On Sun, 2008-10-19 at 20:22 +0100, Daniel P. Berrange wrote:
On Fri, Oct 17, 2008 at 11:58:15AM -0400, Ben Guthro wrote:
> Changes to the RPC protocol
>
> +struct remote_domain_event_ret {
> + remote_nonnull_domain dom;
> + int event;
> + unsigned long int callback;
> + unsigned long int user_data;
> +};
Using a 'unsigned long int' field to transmit the raw pointer feels a little
wrong to me. Could we have the client side pass a simple integer 'token' when
registering / unregistering, and have that 'token' passed back by the server
in the actual event. The client could use this token to lookup the callback
and user_data.
Hold on. We can (and IMO should) quite easily avoid both this lookup
and the passing of the callback pointer to the server:
Suppose we have the same client registered for two different domain
event callbacks.
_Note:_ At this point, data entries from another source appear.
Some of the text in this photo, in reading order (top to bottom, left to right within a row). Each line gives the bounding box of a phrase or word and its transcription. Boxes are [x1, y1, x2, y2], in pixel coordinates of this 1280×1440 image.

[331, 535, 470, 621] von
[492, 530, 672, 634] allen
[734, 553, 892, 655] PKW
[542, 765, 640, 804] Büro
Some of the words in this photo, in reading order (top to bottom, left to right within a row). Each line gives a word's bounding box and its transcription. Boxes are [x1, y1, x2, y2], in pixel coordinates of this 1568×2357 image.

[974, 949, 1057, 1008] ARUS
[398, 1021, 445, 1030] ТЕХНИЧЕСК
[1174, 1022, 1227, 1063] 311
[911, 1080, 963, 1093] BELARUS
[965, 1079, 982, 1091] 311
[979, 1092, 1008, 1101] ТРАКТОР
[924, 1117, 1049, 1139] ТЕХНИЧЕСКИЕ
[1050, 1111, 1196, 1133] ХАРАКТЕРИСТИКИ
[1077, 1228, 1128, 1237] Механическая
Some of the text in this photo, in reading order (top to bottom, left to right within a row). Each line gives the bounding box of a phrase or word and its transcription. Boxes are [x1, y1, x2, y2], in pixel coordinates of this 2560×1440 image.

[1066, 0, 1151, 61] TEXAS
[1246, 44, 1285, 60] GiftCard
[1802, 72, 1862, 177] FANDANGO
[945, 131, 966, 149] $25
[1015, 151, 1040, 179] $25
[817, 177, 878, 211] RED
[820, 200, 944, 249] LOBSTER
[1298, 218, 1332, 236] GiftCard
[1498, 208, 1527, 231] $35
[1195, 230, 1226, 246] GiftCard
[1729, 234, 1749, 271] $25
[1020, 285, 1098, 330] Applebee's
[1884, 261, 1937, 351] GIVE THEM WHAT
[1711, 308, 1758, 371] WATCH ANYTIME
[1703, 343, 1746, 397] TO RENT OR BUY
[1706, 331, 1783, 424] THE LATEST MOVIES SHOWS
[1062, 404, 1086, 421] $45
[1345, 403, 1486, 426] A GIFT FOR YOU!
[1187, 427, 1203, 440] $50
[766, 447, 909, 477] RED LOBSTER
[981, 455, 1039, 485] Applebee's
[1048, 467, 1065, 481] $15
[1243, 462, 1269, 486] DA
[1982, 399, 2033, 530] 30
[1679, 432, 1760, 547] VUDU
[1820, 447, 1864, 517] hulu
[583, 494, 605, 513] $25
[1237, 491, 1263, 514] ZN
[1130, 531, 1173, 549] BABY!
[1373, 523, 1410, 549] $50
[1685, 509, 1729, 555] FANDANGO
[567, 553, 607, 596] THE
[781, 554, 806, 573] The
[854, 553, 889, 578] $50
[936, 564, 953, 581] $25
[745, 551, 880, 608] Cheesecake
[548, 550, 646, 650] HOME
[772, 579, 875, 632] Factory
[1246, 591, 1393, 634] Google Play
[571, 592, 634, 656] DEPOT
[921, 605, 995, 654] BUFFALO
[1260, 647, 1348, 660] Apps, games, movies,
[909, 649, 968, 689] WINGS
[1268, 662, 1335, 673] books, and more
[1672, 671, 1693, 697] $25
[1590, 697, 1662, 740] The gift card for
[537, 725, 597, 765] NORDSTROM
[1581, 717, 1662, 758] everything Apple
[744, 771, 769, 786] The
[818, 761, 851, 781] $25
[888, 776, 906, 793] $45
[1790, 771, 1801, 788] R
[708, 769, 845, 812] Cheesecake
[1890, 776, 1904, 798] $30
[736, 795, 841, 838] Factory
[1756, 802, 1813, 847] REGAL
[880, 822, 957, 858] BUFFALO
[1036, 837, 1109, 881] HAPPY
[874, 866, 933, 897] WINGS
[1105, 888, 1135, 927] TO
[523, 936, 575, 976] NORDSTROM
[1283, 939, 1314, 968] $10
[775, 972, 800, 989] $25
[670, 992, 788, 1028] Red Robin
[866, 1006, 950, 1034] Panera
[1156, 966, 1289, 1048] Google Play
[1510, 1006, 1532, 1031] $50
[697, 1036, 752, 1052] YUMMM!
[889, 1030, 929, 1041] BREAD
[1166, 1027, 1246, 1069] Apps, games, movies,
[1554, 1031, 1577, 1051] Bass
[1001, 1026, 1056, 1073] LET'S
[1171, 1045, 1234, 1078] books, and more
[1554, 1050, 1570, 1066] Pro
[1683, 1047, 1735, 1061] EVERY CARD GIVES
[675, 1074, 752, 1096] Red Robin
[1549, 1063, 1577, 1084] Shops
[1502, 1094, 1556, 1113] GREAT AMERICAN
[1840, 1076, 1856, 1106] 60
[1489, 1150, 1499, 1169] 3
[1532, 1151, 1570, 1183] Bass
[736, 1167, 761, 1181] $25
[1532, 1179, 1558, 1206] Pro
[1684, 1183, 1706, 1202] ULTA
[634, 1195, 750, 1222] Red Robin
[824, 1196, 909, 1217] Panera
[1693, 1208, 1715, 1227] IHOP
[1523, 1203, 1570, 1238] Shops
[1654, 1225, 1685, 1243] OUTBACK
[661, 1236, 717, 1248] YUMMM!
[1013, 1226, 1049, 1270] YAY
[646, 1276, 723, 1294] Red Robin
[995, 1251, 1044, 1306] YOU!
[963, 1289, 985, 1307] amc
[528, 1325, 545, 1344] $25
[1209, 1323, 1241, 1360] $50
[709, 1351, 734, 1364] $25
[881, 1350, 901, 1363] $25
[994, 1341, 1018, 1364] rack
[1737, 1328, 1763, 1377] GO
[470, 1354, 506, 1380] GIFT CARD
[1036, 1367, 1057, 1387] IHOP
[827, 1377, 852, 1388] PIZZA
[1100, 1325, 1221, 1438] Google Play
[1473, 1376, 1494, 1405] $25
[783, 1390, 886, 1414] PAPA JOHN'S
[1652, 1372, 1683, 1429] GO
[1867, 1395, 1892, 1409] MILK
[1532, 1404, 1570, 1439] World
In the current patch, the server will send two RPCs
per event, one for each callback (which the client then unmarshals,
casts, and calls).
But what if we sent just one RPC per event (& per client) and had the
client walk its list of callbacks (which we'll need to track on the
client side anyway, if we're not sending the data over the wire)? We
*always* make *all* the callbacks on the list, so there's no point in
making individual RPCs to fire off each callback individually. This
gets rid of the need to send callback/user_data over the wire, and also
doesn't require tokenization (which is all just extra overhead in this
case).
remote_domain_events_register/deregister_args structs will go away.
remoteDispatchhDomainEventsRegister/Deregister will simply inc/dec a
value, sending events only when the value is >0.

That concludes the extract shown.